Élton

Personal information
- Full name: Elton Martins da Cruz
- Date of birth: 4 November 1988 (age 37)
- Place of birth: Belo Horizonte, Brazil
- Height: 1.71 m (5 ft 7 in)
- Position: Midfielder

Team information
- Current team: East Riffa

Youth career
- América Mineiro
- Atlético Mineiro

Senior career*
- Years: Team / Apps / (Gls)
- 2007–2010: Corinthians
- 2008: → Profute (loan)
- 2009: → Teleoptik (loan) / 8 / (2)
- 2009: → Taubaté (loan)
- 2010–2011: Antequera / 22 / (8)
- 2011–2012: Puertollano / 34 / (4)
- 2012–2013: Espanyol B / 16 / (3)
- 2013–2014: Zakho FC
- 2014: Independiente Medellín / 16 / (1)
- 2015: Patriotas / 10 / (0)
- 2015–2016: Mérida / 23 / (2)
- 2017: Batatais / 19 / (6)
- 2017: Londrina / 4 / (0)
- 2017: → Cuiabá (loan) / 4 / (0)
- 2018: Concórdia / 10 / (4)
- 2018: Juventus-SP / 0 / (0)
- 2019: Rio Claro / 16 / (6)
- 2019–: East Riffa

= Élton (footballer, born 1988) =

Brazilian footballer

Élton Martins da Cruz (born 4 November 1988), or simply Élton, is a Brazilian professional footballer who plays as a midfielder for East Riffa Club.

== Career ==
Born in Belo Horizonte, Minas Gerais, Élton played in the youth teams of América (MG) and Atlético Mineiro before joining Corinthians in 2007. While with Corinthians, he would spend most of the time on loan. He was loaned to Profute, before making his first move abroad, to Serbia, as he was loaned on 5 February 2009, to FK Teleoptik. He made 8 appearances and scored 2 goals during the second half of the 2008–09 Serbian League Belgrade season. Playing along compatriots Washington Santana da Silva, Alex dos Santos Gonçalves and Jefferson Madeira, they helped Teleoptik to finish 2nd in the 2008–09 Serbian League Belgrade, one of Serbian 3rd tiers, thus earning promotion to the 2009–10 Serbian First League.

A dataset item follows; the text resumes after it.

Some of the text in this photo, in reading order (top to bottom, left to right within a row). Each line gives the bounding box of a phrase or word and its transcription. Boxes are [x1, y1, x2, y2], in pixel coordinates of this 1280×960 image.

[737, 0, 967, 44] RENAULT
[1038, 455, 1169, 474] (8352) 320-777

After playing in Serbian second level, he returned to Brazil, however he would be loaned again, this time to Taubaté where he will play in the Série B of the Campeonato Paulista until the end of 2009.

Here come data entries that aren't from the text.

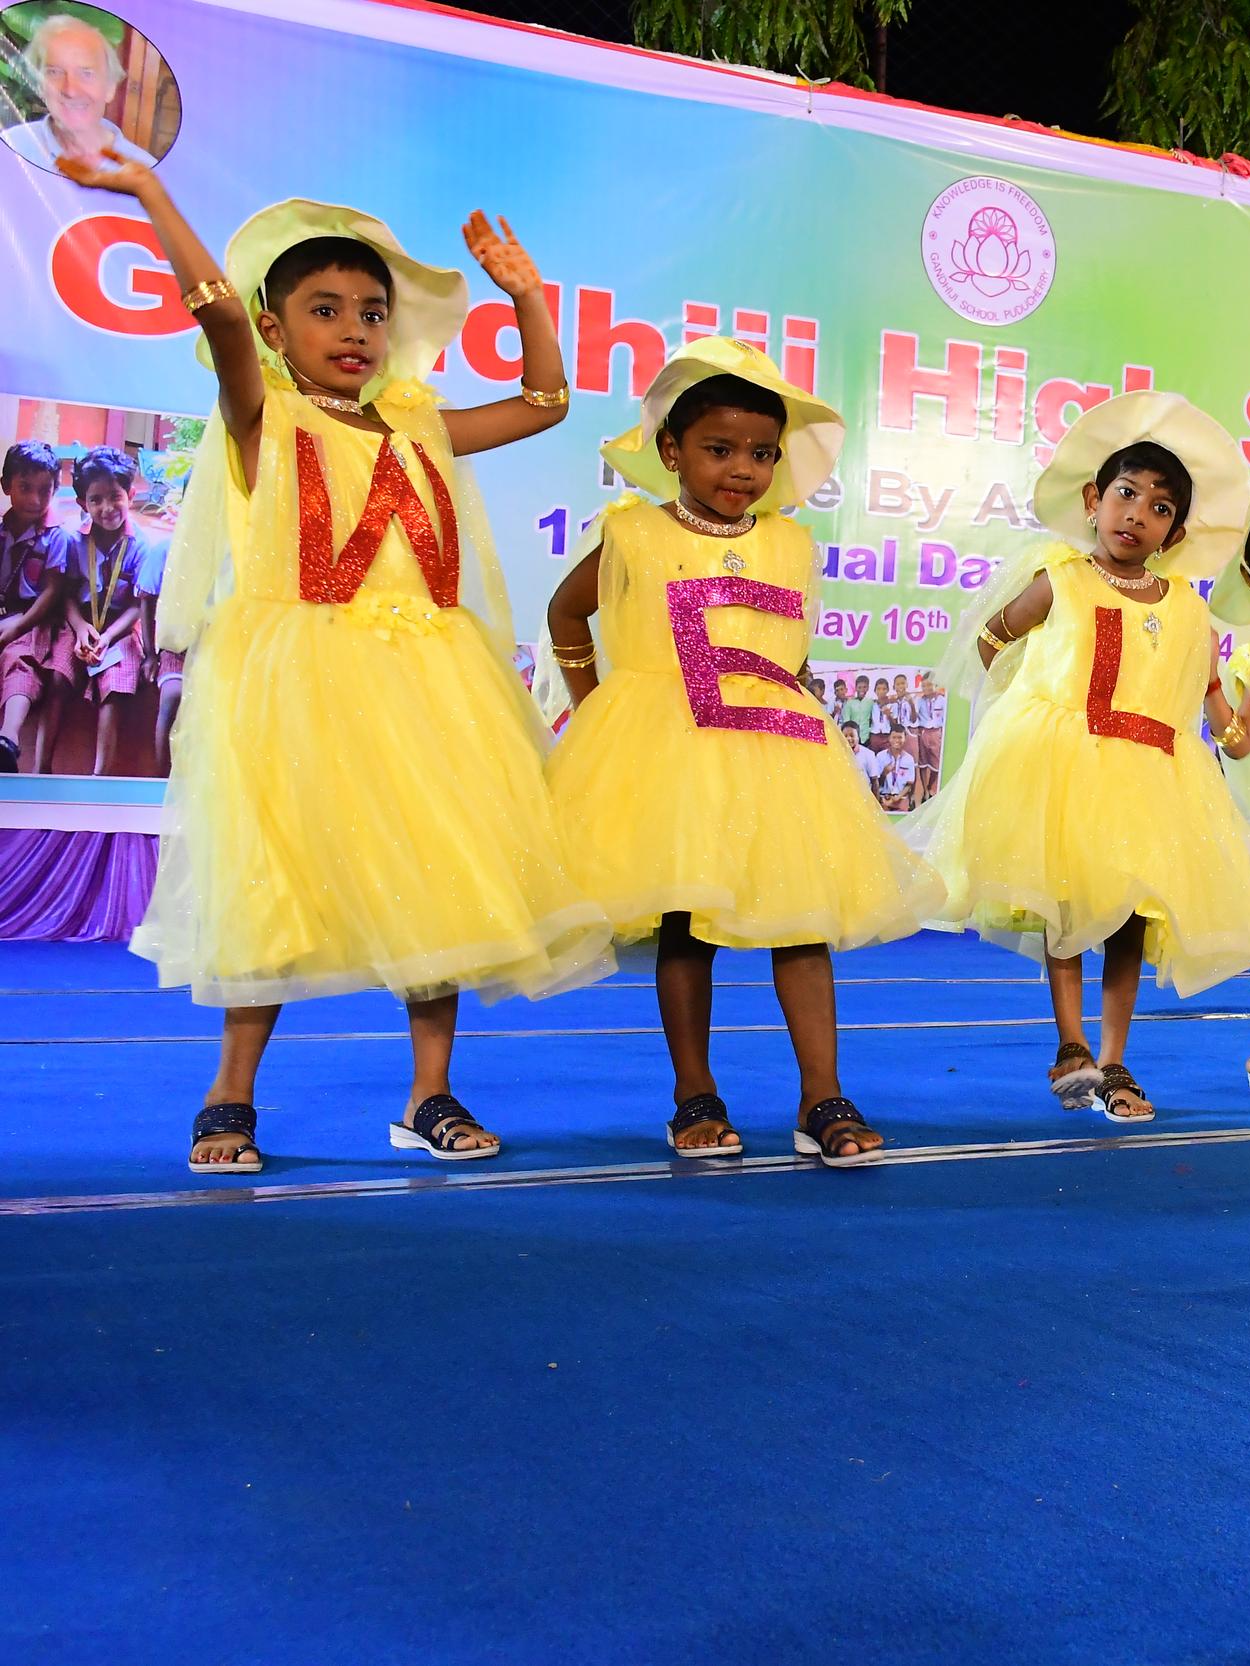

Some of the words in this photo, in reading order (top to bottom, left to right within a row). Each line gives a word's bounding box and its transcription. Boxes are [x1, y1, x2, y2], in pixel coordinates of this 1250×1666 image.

[931, 178, 993, 219] KNOWLEDGE
[995, 179, 1006, 193] IS
[1007, 186, 1048, 236] FREEDOM
[930, 252, 958, 301] GANDHIJI
[959, 300, 1000, 321] SCHOOL
[294, 426, 460, 608] W
[868, 468, 956, 530] By
[883, 607, 949, 643] 16th
[666, 575, 828, 746] E
[1086, 606, 1175, 757] L

In 2010, he left Corinthians and moved to Spain, where after playing one season with Antequera CF and another with CD Puertollano, he joined in summer 2012 RCD Espanyol B. Next he spent a season playing in Iraq with Zakho FC.

In early summer, 2014, he started practicing with Independiente Medellín of Colombian
Liga Postobón, and the Managerof the club, Hernán Torres, said he was impressed with his skills. He would be the 6th new player for the club for the Liga Postobón 2014-II season starting in late summer, 2014.